DEMOCRACIA UNIVERSITARIA

Con la firme convicción que es momento para que la universidad y los estamentos que la
componente inicien un debate más profundo hacia la real transformación de la universidad en
su carácter público, me permito sacar este nuevo documento de insumo a la discusión
académica, propositiva y sobre todo transformadora.

1. LA MOVILIZACIÓN

Sin pretender caer en coyunturalismo o visiones restringidas de la acción y lucha estudiantil,


pero si con la conciencia suficiente para señalar algunos aspectos fundamentales en este
intento por comprender el momento en el que nos encontramos, quisiera señalar que la
“movilización” (de cualquier sector social o popular) es en todo momento producto del trabajo
constante, el estudio, la elaboración de ideas, la unidad de criterios y la cohesión de
identidades entorno de un objetivo claro. Esto se hace condición cuando lo que se persigue
es la transformación del actuado estado de cosas que constituyen la realidad material de la
humanidad, y en nuestro caso concreto, cuando se busca la transformación estructural de la
universidad.

En este sentido, comprendemos la movilización, como aquel conjunto de acciones prácticas


que permiten el avance y desenvolvimiento de la lucha hacia nuevos estadios (espacios) de la
confrontación política y social, y que por demás tiene como característica fundamental su
permanencia en el tiempo con la acumulación suficiente de fuerzas y energías para alcanzar
la los objetivos previamente construidos, en una perspectiva de corto, mediano o largo plazo.
En este sentido, si la movilización en esencia es un avance en la profundización de la
confrontación, los antagonismos y las contradicciones, es por demás la forma en que se
manifiestan epidérmicamente los procesos de construcción de base.

Ahora bien, esta visión sobre la movilización atiende principalmente, a la idea de “movilización
consiente”, es decir de un proceso que ha puesto y trazado sus objetivos, construyendo paso
a paso su accionar, y cuya base fundamental es la organización. Por tanto no abandonara en
ningún momento la acción política, la acción práctica y la acción transformadora, hasta
alcanzar los objetivos trazados o ser derrotados inermemente por el enemigo. Vale hacer
salvedad, que no se menosprecia la importancia del “espontaneismo”, pero si se pone de
presente que este, sin una coherente conducción política, está en riesgo de volverse parte o
excusa de la propia reacción.[1] Me ha parecido pertinente, iniciar por este punto sustancial,
en tanto que las experiencias ocurridas al interior de la UPTC, (por lo menos en los últimos
años) obligan a replantear la forma en que se concibe y desarrolla la movilización estudiantil.
En primer lugar considero que existe una tergiversación de “la movilización” como fin último de
la lucha estudiantil y no como herramienta desdeñable de acuerdo a los avances y estados en
que se encuentre las luchas y reivindicaciones por las que hemos decidido volcarnos contra el
orden establecido.

En segundo lugar, la tergiversación de la idea de movilización, nos ha llevado a considerar


(antilógicamente) que esta representa parálisis.

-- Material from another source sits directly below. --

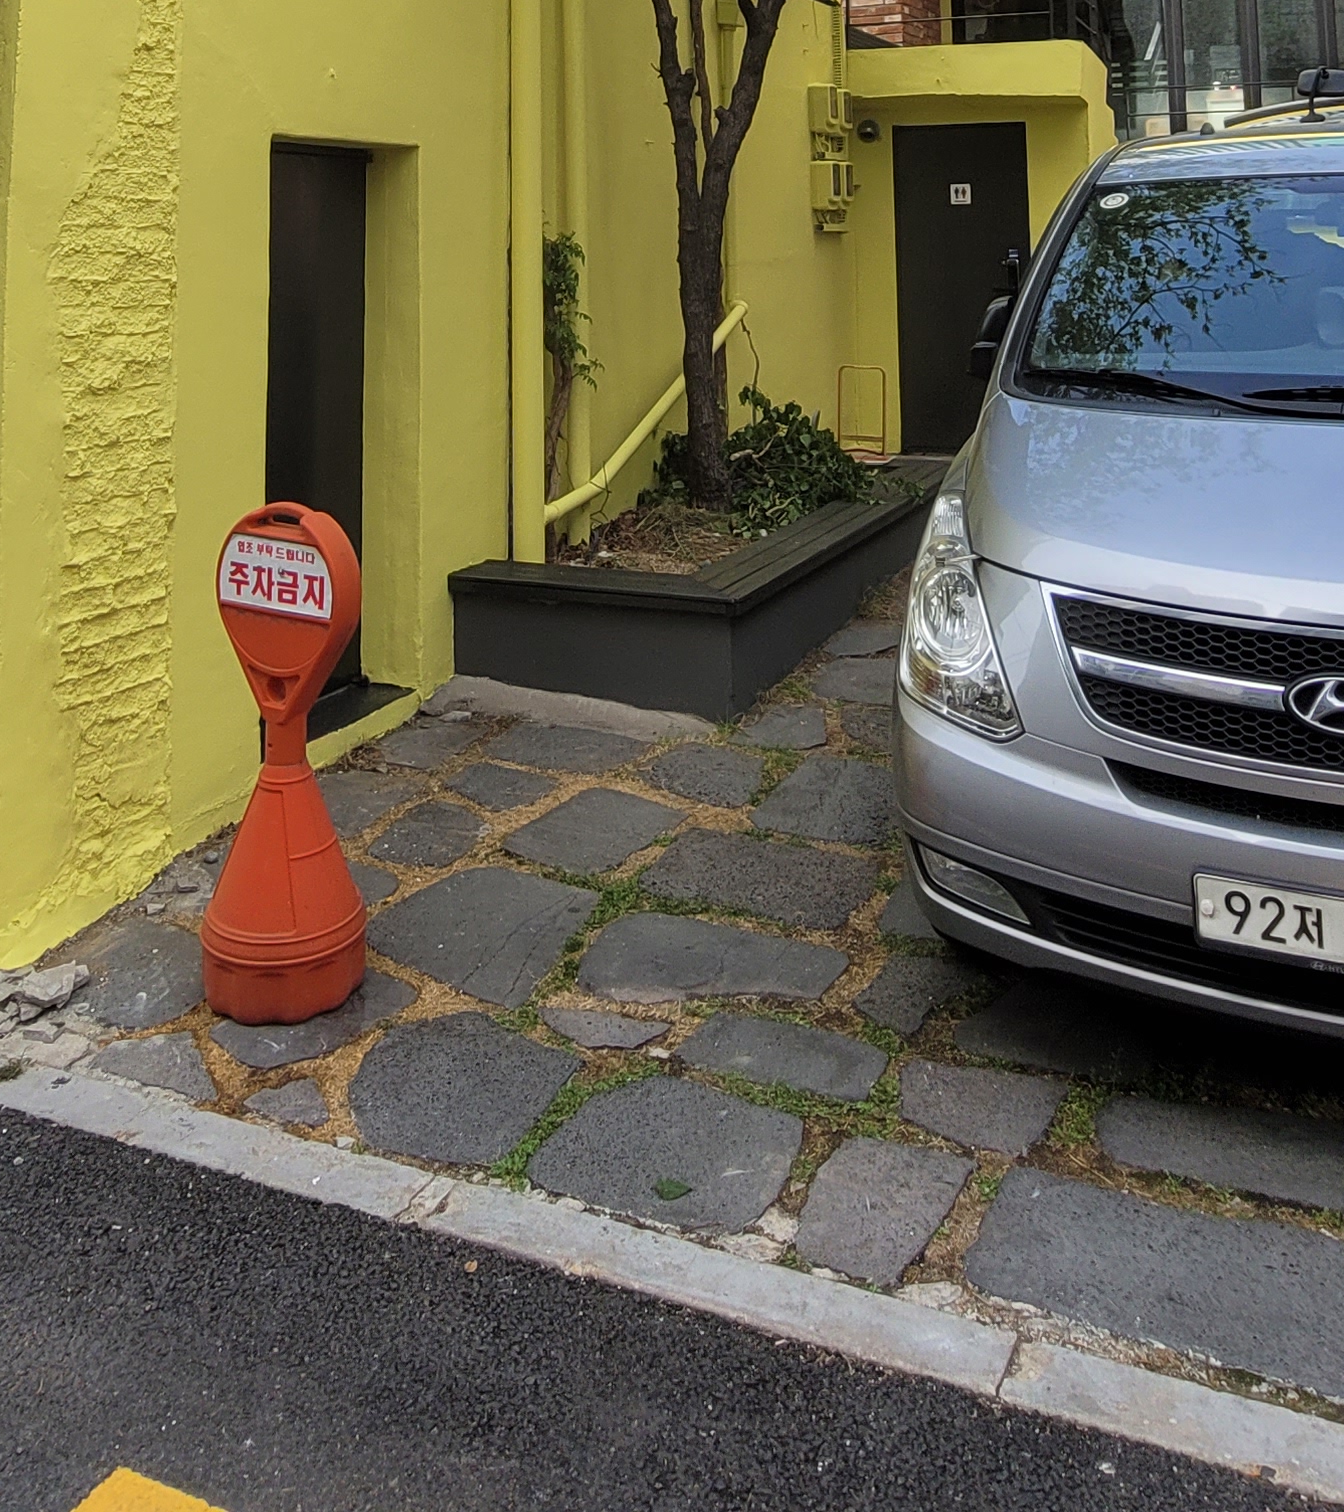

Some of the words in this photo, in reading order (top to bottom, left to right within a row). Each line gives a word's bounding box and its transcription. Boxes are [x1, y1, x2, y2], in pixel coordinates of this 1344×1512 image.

[257, 543, 273, 557] 부탁
[275, 547, 316, 565] 드립니다
[228, 561, 325, 610] 주차금지
[1224, 890, 1325, 950] 92저

Es decir que la acción de la movilización se
restringe a la idea de interferir con la “normalidad académica” a partir del cierre y bloqueo de
edificios. En efecto, las que hemos considerado vías de hecho (bloqueos, plantones, marchas,
etc.) son fundamentales dentro de la lucha estudiantil, pero son tan solo una ínfima parte del
largo proceso que representa la movilización. Estas acciones se han convertido
lastimosamente en la cortina de humo para aplazar la construcción de base, las discusiones
de fondo y la organización del estudiantado. Los bloqueos y demás manifestaciones del
estudiantado en oposición o confrontación por determinada coyuntura, se han quedado
únicamente en acciones contestarías e inmediatistas, que además terminan por dar mayor
legitimidad al maniqueo discurso de la “no organización”, la confrontación directa sin el peso
de las masas y el desarrollo de seudo-populismos.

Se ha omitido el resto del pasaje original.